> WORK INSTRUCTION
Every record below is to be copied exactly, with its images omitted.

===== DATA PROVIDED =====

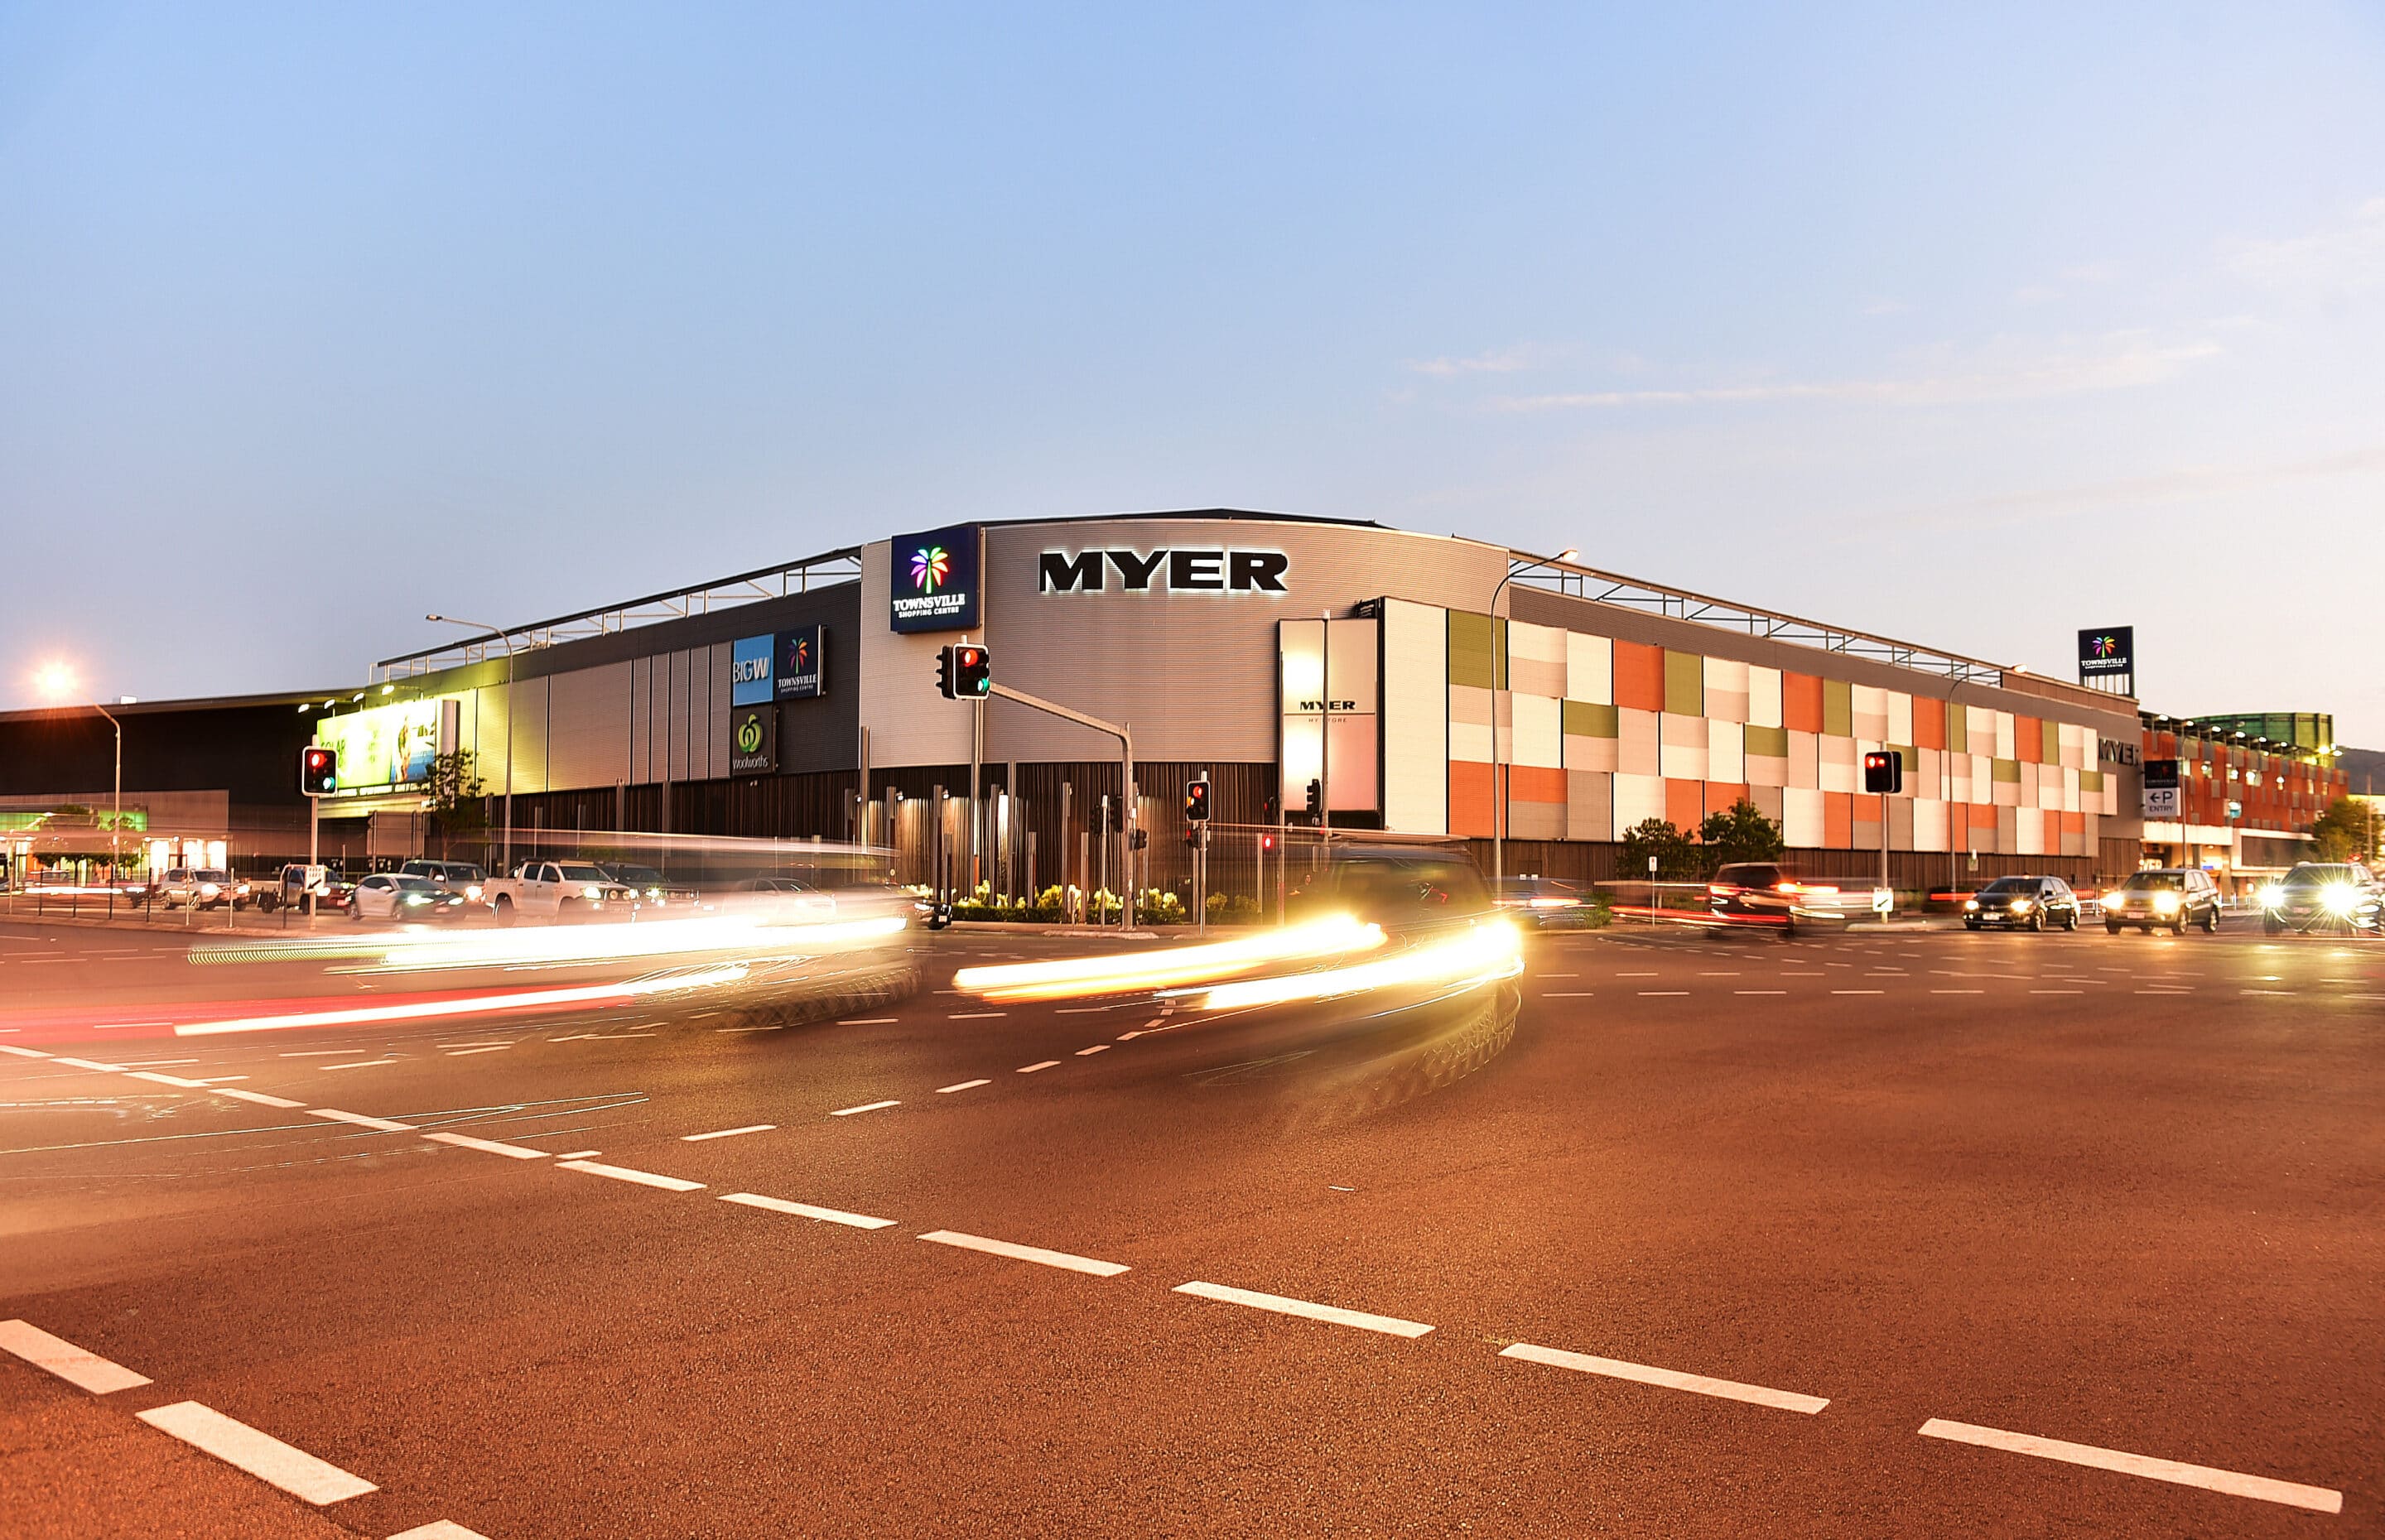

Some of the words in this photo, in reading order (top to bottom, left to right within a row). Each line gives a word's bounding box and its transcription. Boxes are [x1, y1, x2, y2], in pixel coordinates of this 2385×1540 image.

[1039, 550, 1289, 592] MYER
[893, 594, 966, 611] TOWNSVILLE
[899, 609, 932, 618] SHOPPING
[933, 606, 960, 615] CENTRE
[2081, 657, 2127, 667] TOWNSVILLE
[778, 674, 817, 690] TOWNSVILLE
[1300, 700, 1356, 710] MYER
[2098, 737, 2142, 767] MYER
[733, 754, 768, 770] woolworths
[2163, 792, 2173, 804] P

=====

> SOLUTION TO THIS TASK
Some of the words in this photo, in reading order (top to bottom, left to right within a row). Each line gives a word's bounding box and its transcription. Boxes are [x1, y1, x2, y2], in pixel coordinates of this 2385×1540 image.

[1039, 550, 1289, 592] MYER
[893, 594, 966, 611] TOWNSVILLE
[899, 609, 932, 618] SHOPPING
[933, 606, 960, 615] CENTRE
[2081, 657, 2127, 667] TOWNSVILLE
[778, 674, 817, 690] TOWNSVILLE
[1300, 700, 1356, 710] MYER
[2098, 737, 2142, 767] MYER
[733, 754, 768, 770] woolworths
[2163, 792, 2173, 804] P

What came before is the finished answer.